Reid suggests that Evers was, in some ways, representative of the civil rights movement even before he became involved with it—or, indeed, before the movement itself existed. As Reid explains, Black veterans’ experiences during World War II were a determining factor in the emergence of the modern civil rights movement. Black men’s military service and their time in Europe reinforced a new political consciousness and sense of self. This was true of Evers, who Reid notes gained “confidence and perspective” as a Black soldier in a segregated army (12), realizing the inherent “contradictions” of American democracy. Reid cites an anecdote of Evers’s relationship with a white French woman to illuminate his experiences outside the limitations of the Jim Crow system, suggesting that in Europe, Evers was able to connect with his manhood and humanity without the threat of racial violence. His familiarity with African decolonization movements during the 1940s further helped him develop a Pan-Africanist approach to activism and made the dismantling of white supremacy his key goal.
Reid also contextualizes the civil rights movement with reference to the Jim Crow system.

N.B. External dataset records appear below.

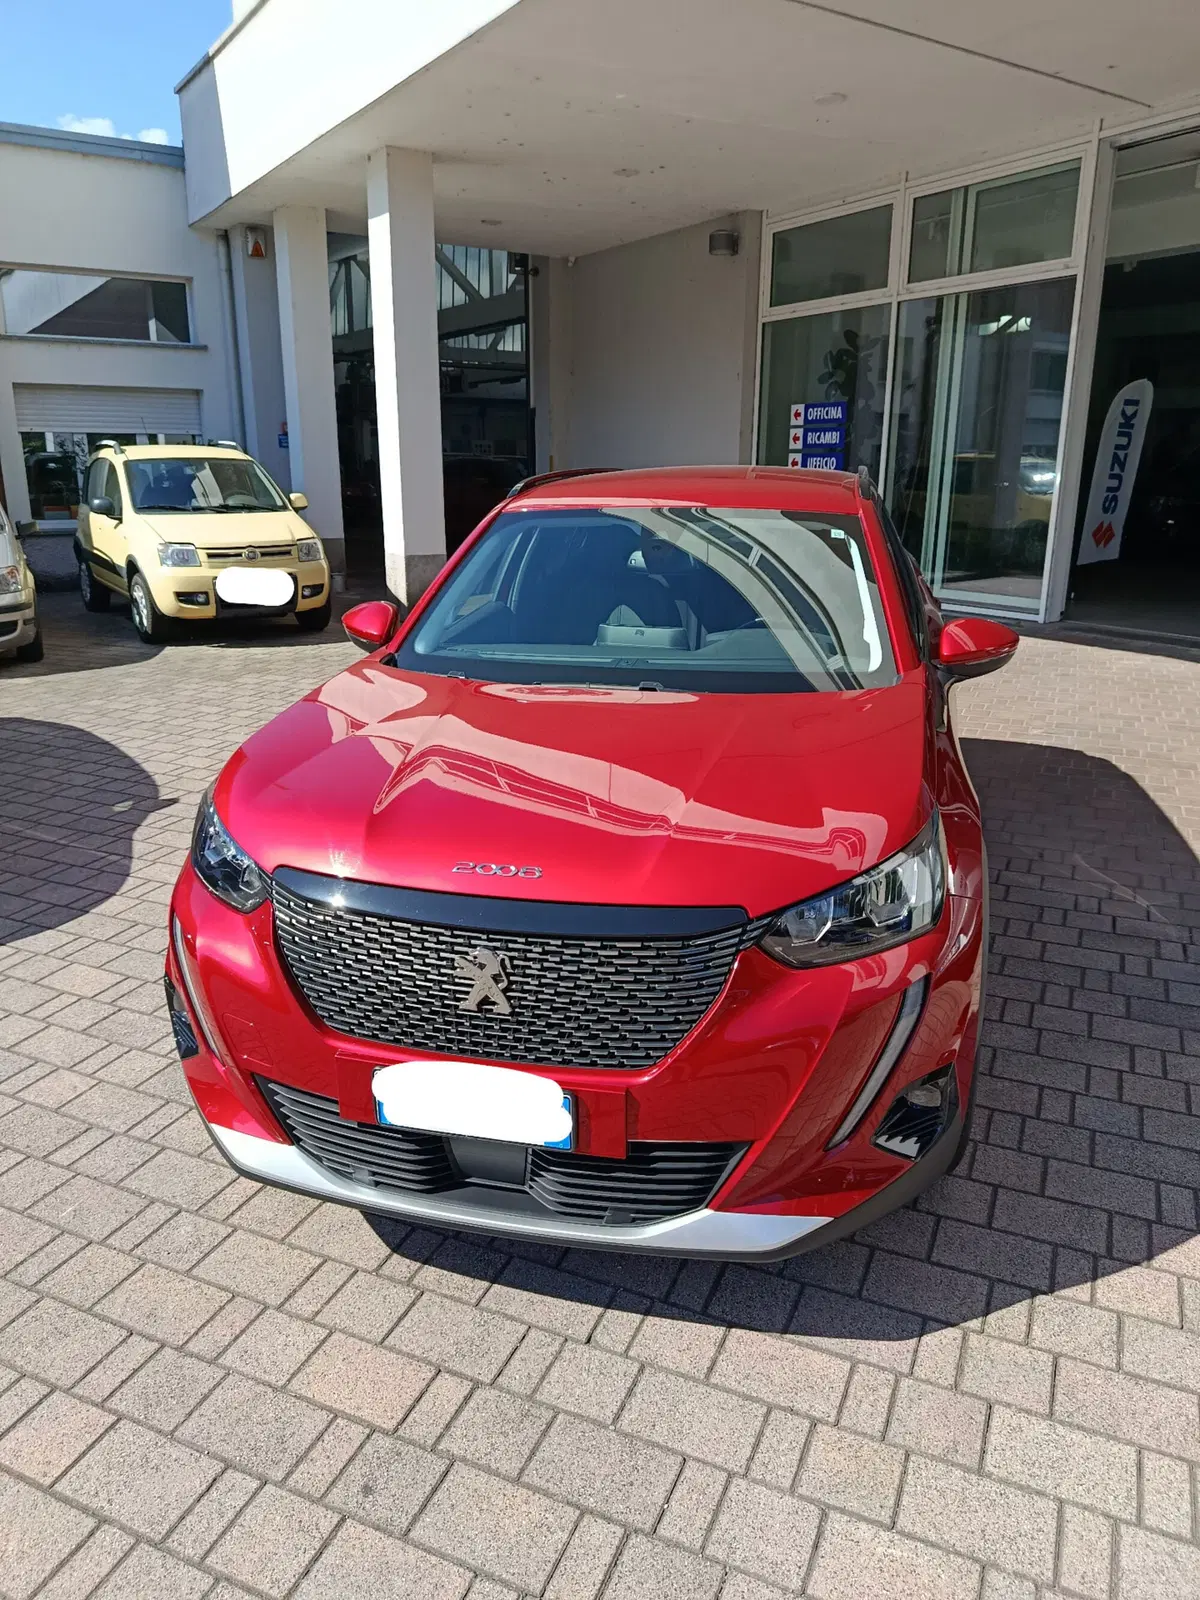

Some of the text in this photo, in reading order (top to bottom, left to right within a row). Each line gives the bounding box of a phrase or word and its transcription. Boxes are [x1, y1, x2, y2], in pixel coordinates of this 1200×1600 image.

[807, 406, 842, 420] OFFICINA
[806, 431, 840, 445] RICAMBI
[806, 457, 837, 470] UFFICIO
[1102, 398, 1141, 515] SUZUKI
[452, 861, 543, 879] 2008

As she explains, Jim Crow laws created a system of de facto enslavement after the Civil War, establishing a system premised on white supremacy. The white planter class promoted legalized segregation and economic exploitation of Black workers to preserve their own socioeconomic privileges. Reid describes this system as “an aggressive system of American apartheid” (26)—an allusion to South Africa’s infamous racist caste system that underscores the brutality of the system. Moreover, she suggests that legal forms of oppression worked in tandem with extralegal ones, such as lynching. Reid notes, for example, that violence, persecution, and political “trickery” all worked to bar Black Americans from voting.

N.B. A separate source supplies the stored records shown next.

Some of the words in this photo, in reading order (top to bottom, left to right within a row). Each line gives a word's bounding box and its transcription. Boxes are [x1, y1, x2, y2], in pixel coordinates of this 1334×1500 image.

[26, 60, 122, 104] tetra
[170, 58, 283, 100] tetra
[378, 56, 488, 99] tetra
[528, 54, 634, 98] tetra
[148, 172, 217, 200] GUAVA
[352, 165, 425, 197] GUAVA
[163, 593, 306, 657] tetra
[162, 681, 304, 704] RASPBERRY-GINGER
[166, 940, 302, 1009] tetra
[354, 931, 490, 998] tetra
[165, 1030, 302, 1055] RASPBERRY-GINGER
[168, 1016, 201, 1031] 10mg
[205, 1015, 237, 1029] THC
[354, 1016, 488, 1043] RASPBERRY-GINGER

Here too, Reid argues, Evers was a pioneer. Evers began his voting registration efforts prior to his involvement with the NAACP. Evers’s act demonstrates his belief in self-determination and the Black community’s resilience, which reinforced his grassroots efforts as a civil rights leader. Through this anecdote, Reid offers insight into Evers’s character as a man and activist, depicting him as someone who led by example.

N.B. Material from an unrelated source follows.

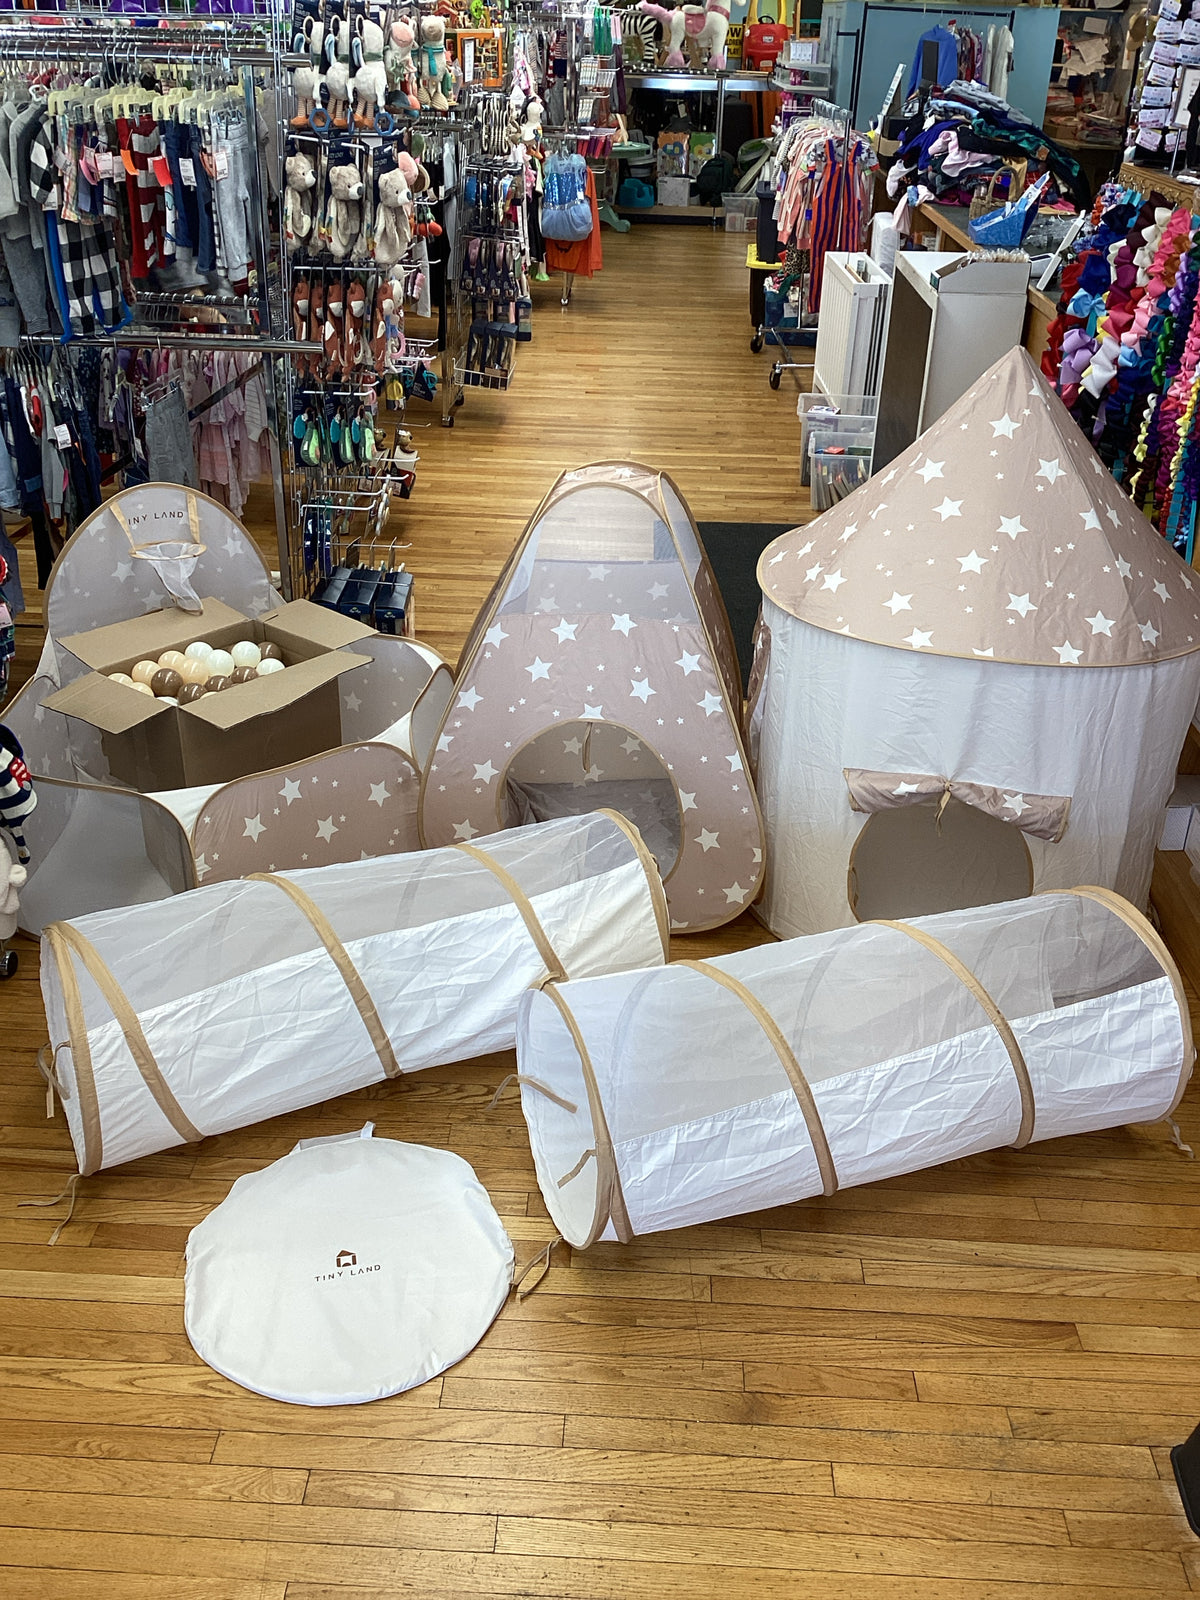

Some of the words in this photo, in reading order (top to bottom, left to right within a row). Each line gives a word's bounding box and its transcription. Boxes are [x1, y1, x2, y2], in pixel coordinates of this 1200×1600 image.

[128, 514, 148, 525] INY
[154, 511, 184, 520] LAND
[314, 1271, 344, 1282] TINY
[350, 1264, 381, 1276] LAND

Reid also uses anecdotal stories to illuminate Williams’s life experiences beyond her marriage to Evers. These early chapters hint at Williams’s personal aspirations and dreams, which Reid explores further at the end of the book. Williams’s upbringing in a Black matriarchal household suggests her strong sense of womanhood and her commitment to survival and resistance. Those values guided her life as a wife and mother, but they would also shape her later work as an activist. A quote from Evers himself foreshadows this, as he told her, “You have so much more than that to give” (50). At the same time, Reid emphasizes the mutuality of their relationship; indeed, she suggests that far from expecting Williams to confine herself to a domestic role, Evers helped galvanize Williams to participate in the struggle through remarks like the one above.